WHAT IS A MIC?
- A MIC is a Mortgage Investment Corporation which is designed
specifically for residential mortgage lending in Canada.
- It is owned by the
investors by way of owning shares in the MIC.
- Investors pool their money in
order to invest in a group of mortgages rather than just investing in one and
thereby reducing risk to the investors. They are investing in a diversified and
secured pool of primarily residential mortgages.
- Shares of a MIC are qualified
investments under the Income Tax Act for RRSP’s, RRIF’s, TFSA’s and RESP’s.
- The management company is responsible for administrating the MIC for the
investors. They source suitable mortgages to invest in as well as the general
administration of the company.
- Mortgage Investment Corporations are generally
provincially registered and licensed.
- The management company receives a fee
for the administration of the MIC.
- As mortgages are repaid, discharged and new
capital is received these funds are used to invest in new mortgages.
- The MIC’s
annual net income is 100% distributed to investors according to their
proportional interest in the company.
- The distributions are in the form of
dividends which are treated as interest income for tax purposes.
- The mortgages
are secured on real property, often in conjunction with other forms of security,
such as personal and corporate guarantees, general security agreements and
assignments of material contracts, such as insurance policies, prepared by
lawyers for the MIC.
- A MIC’s annual financial statements must be audited.
A
MIC is governed by the Income Tax Act, Section 130.1
These are the minimum
requirements.
Income Tax Act, Section 130.1: Salient Rules
- A Mortgage
Investment Corporation must have at least 20 shareholders.
- A MIC is generally
widely held. No shareholder may hold more than 25% of the MIC's total capital.

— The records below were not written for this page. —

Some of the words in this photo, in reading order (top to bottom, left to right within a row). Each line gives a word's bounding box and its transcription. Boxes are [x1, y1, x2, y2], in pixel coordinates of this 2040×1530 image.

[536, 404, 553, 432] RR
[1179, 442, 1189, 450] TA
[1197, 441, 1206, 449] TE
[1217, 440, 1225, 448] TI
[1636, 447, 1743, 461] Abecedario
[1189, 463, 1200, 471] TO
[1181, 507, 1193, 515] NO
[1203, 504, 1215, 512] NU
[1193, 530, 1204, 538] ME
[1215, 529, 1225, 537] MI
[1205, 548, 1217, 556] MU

- At least 50% of a MIC’s assets must be comprised of residential mortgages,
and/or cash and insured deposits at Canada Deposit Insurance Corporation member
financial institutions.
- A MIC may invest up to 25% of its assets directly in
real estate, but may not develop land or engage in construction. This ceiling on
real estate holdings does not include real estate acquired as a result of
mortgage default.
- A MIC is a flow-through investment vehicle, and distributes
100% of its net income to its shareholders.
- All MIC investments must be in
Canada, but a MIC may accept investment capital from outside of Canada.
- A MIC
is a tax-exempt corporation.
- Dividends received with respect to directly held
shares, not held within RRSPs or RRIFs, are taxed as interest income in the
shareholder’s hands. Dividends may be received in the form of cash, or
additional shares.
- MIC shares are qualified RRSP and RRIF investments.
- A
MIC may distribute income dividends, typically interest from mortgages and
revenue from property holdings, as well as capital gain dividends, typically
from the disposition of its real estate investments.
- A MIC’s annual
financial statements must be audited.
- A MIC may employ financial leverage by
using debt to partially fund assets.